Il n’est pas un syndicat de surveillants de prison qui ne revendique, à juste titre, la dimension sociale, de réinsertion, ou d’insertion de leur mission, un travail dont on peut comprendre aisément qu’il est d’une grande complexité. Cette dimension-là me paraît d’autant plus fondamentale si on réfléchit à la signification que peut avoir pour un homme ou une femme le fait d’en enfermer un ou une autre, indépendamment de ce qui est potentiellement (cas du prévenu) ou de façon avérée (après le jugement) reproché à l’enfermé(e).

Quelle que soit la situation, les surveillants parleront de la nécessité de faire avec, de trouver un modus vivendi permettant de rendre vivable la vie en prison, pour les détenus comme pour celles et ceux qui les gardent.

Il n’est pas un syndicat de surveillants qui ne rajoutera aussi, et avec raison quand c’est avéré, que travailler à la réinsertion avec 100 détenus à son étage …, que s’occuper de tout un chacun quand il y en a trop et que l’on est soi-même en sous effectif, et ceci de façon chronique etc. Tout ceci est frappé du coin du bon sens et devrait ô combien pouvoir être entendu.

Jusqu’à une date récente, fin 2001, les surveillants de la maison d’arrêt de Nîmes fonctionnaient selon la règle dite du bimestre. Cela signifiait que tel surveillant affecté à un étage allait y travailler très régulièrement pendant deux mois avant d’être, pour un autre bimestre, chargé d’une autre tâche.
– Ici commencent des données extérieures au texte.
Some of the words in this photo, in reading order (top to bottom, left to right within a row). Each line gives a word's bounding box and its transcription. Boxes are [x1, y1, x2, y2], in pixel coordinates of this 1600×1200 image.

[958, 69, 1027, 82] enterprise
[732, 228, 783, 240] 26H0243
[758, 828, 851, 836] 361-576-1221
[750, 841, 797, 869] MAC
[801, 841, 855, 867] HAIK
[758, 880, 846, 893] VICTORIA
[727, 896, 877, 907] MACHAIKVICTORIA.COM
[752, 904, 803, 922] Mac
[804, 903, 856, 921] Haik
On peut penser que deux mois peuvent suffire pour, si les conditions matérielles le permettent, tisser des liens avec tel ou tel détenu, apprendre à le connaître, apprivoiser un "sauvage" et rendre effectif ce nécessaire volet social d’une telle fonction.
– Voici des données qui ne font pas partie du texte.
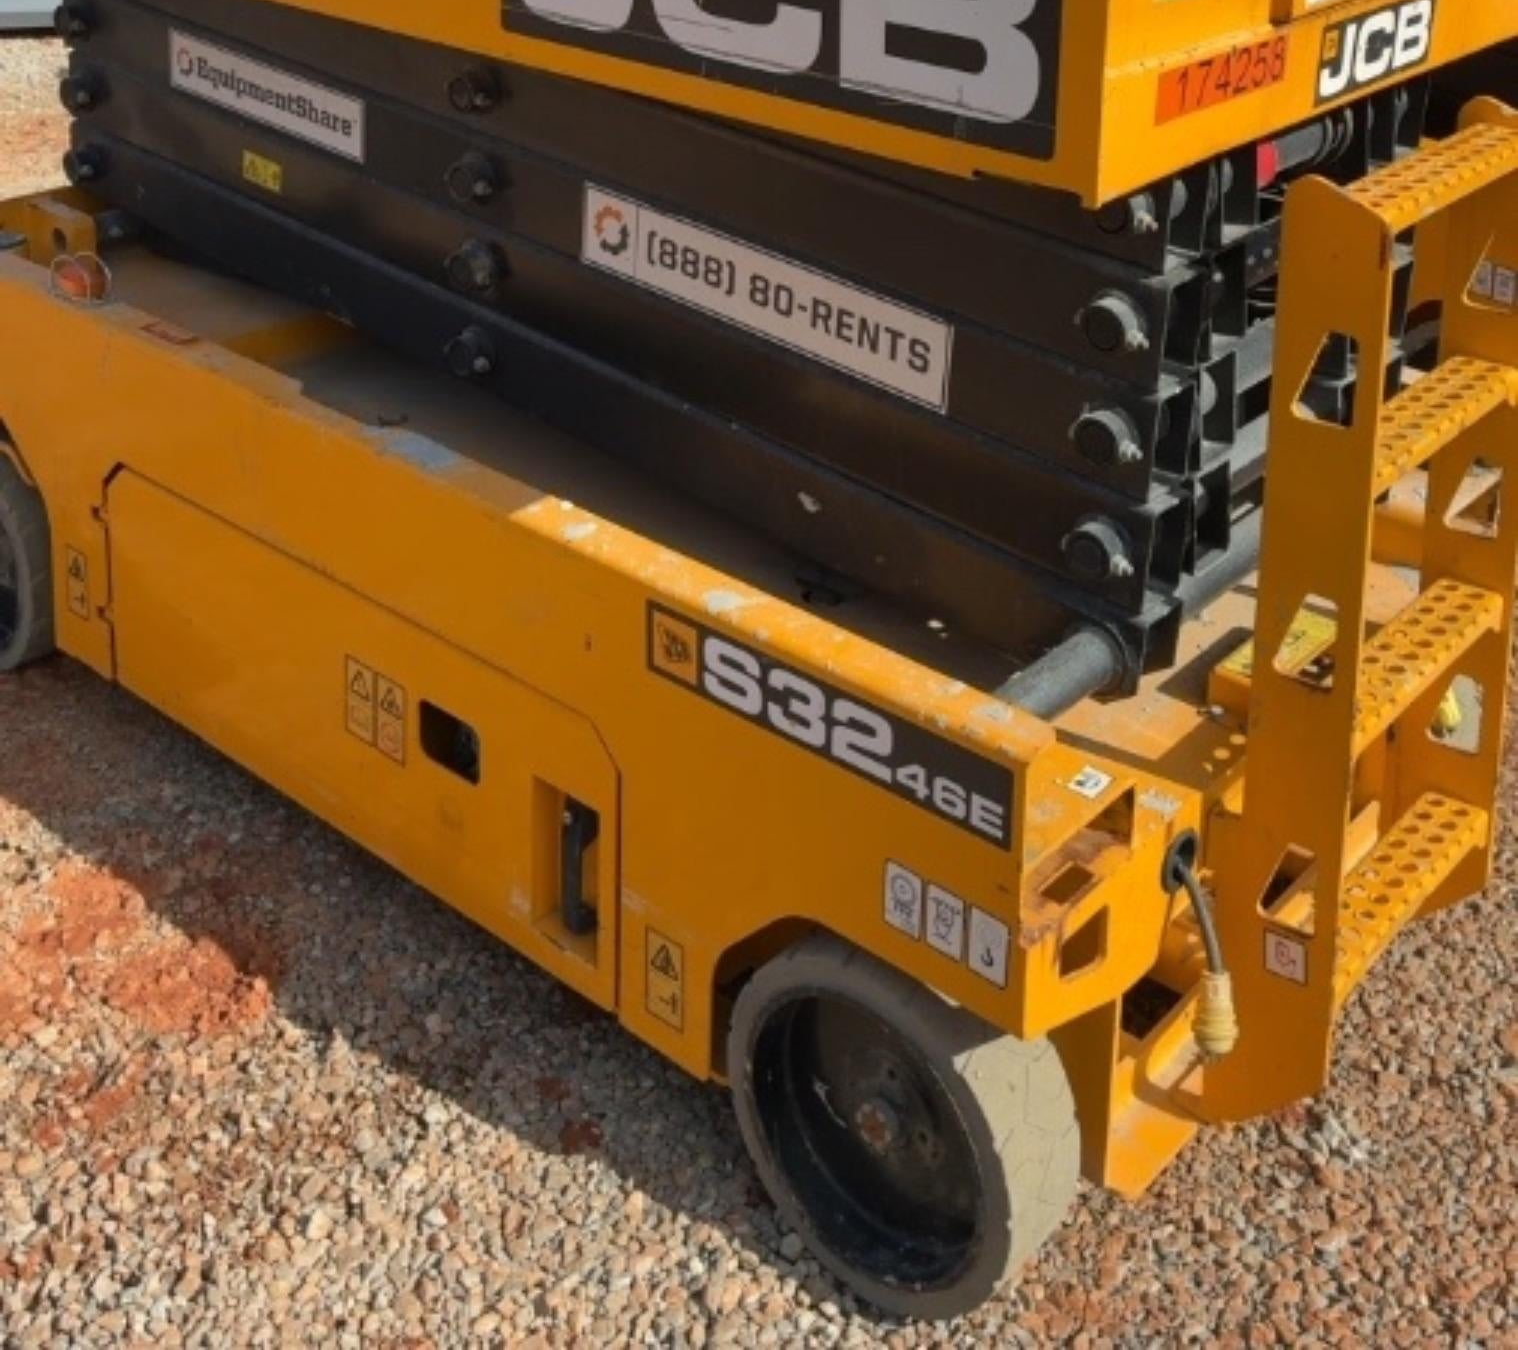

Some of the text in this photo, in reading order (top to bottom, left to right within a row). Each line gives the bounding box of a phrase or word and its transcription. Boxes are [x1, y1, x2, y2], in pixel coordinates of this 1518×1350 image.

[196, 56, 353, 137] EquipmentShare
[1177, 35, 1286, 115] 174258
[646, 229, 932, 375] (888) 80-RENTS
Pour des raisons que je n’ai pas vraiment comprises, les organisations syndicales représentatives présentes à la Maison d’Arrêt de Nîmes ont demandé et obtenu de la direction que soit mis en place un autre système que j’ai baptisé aléatoire : et c’est ainsi que, quelques jours à l’avance, les surveillants "découvrent" que pour la demi-journée du tant, ils seront affectés qui au mirador, qui au parloir, qui à tel ou tel étage …
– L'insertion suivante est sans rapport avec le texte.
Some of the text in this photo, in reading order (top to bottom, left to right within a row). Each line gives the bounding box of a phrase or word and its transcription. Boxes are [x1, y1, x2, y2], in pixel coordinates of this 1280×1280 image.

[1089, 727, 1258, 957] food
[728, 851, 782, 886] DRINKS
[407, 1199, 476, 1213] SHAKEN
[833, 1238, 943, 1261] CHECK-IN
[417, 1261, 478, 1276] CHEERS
Dans ces conditions, évoquer le suivi, la connaissance des détenus afin de remplir au mieux les fonctions qu’assigne la société à la prison témoigne au mieux d’un manque de cohérence, au pire de la réalité d’un pouvoir de décision quant à l’organisation interne qui, en toute logique devrait relever d’un autre échelon administratif, d’une autre autorité hiérarchique.

Dans ce chapitre comme dans le précédent, je ne m’en prends pas aux organisations syndicales de surveillants présentes à la maison d’arrêt de Nîmes. Elles n’ont pas en charge l’intérêt général qui relève d’autres instances, mais celui de leurs mandants. Que cela soit regrettable ou non n’entre pas dans le propos que j’entends tenir ici.